Extrapolation of lung pharmacokinetics of bedaquiline across species using physiologically-based pharmacokinetic modelling.

Aims: BeBedaquiline (BDQ) is a first-in-class diarylquinoline (DARQ) and a potent anti-tuberculosis drug, vital in combating multi-drug resistant tuberculosis (TB). Understanding its lung pharmacokinetics (PK) across species is crucial for effective clinical translation. This study aimed to extrapolate BDQ's lung PK from preclinical species to humans, focusing on healthy and TB-infected lung tissue.

Methods: Physiologically-based PK (PBPK) modelling was employed to simulate BDQ's lung distribution in various pulmonary micro-compartments, including cellular lesions and caseous granulomas, using data from mice, rats and dogs. Complex interactions, such as lysosomal trapping within macrophages and anomalous diffusion within the caseum, utilising a catenary model and a time-dependent rate, were incorporated into the models to accurately represent BDQ's unique PK profile.

Results: The study revealed intricate dynamics of BDQ's lung distribution, with only free concentrations in lysosomes of macrophages surpassing the MIC of Mycobacterium tuberculosis in both mice and humans, indicating intracellular accumulation which may further explain the proven drug's efficacy. Moreover, during the course of treatment in humans, adequate drug levels were achieved near the cellular rim but penetration into the inner caseous core was predicted to be limited.

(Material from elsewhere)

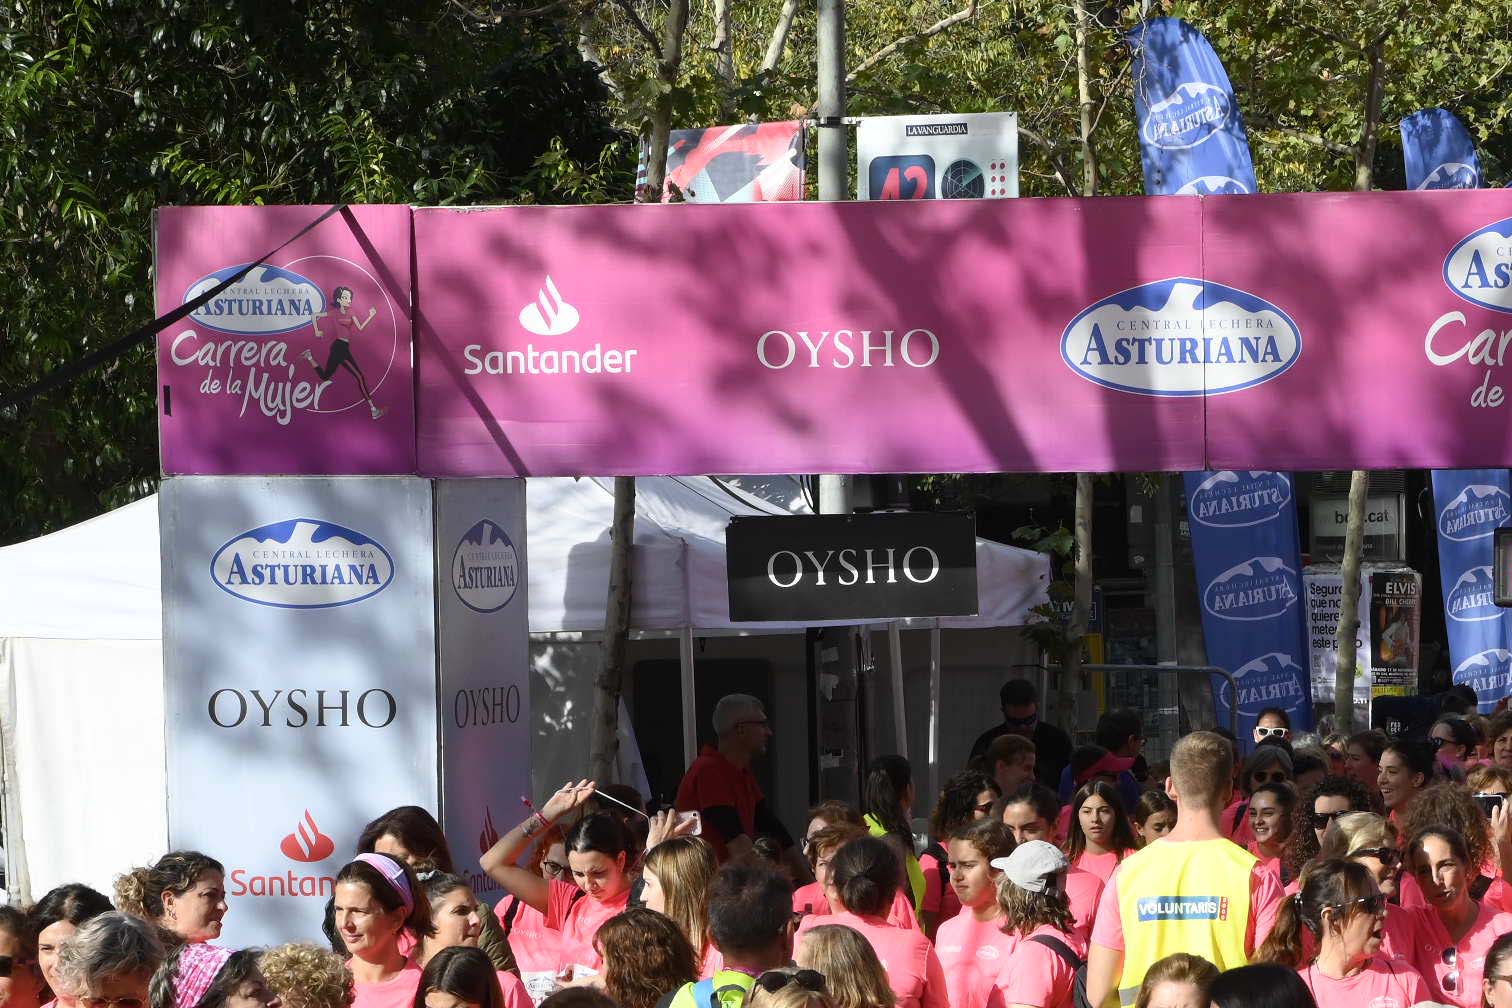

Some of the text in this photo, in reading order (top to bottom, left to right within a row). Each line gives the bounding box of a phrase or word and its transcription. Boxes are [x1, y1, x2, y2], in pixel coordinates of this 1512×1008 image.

Conclusions: Understanding BDQ's lung PK is essential for optimising dosing strategies with new companion drugs. The findings underscore the need to characterise BDQ distribution within the caseum, as it shows extensive caseum binding. Moreover, the developed PBPK model can be applied to new promising DARQ analogues, facilitating their development as effective TB treatments.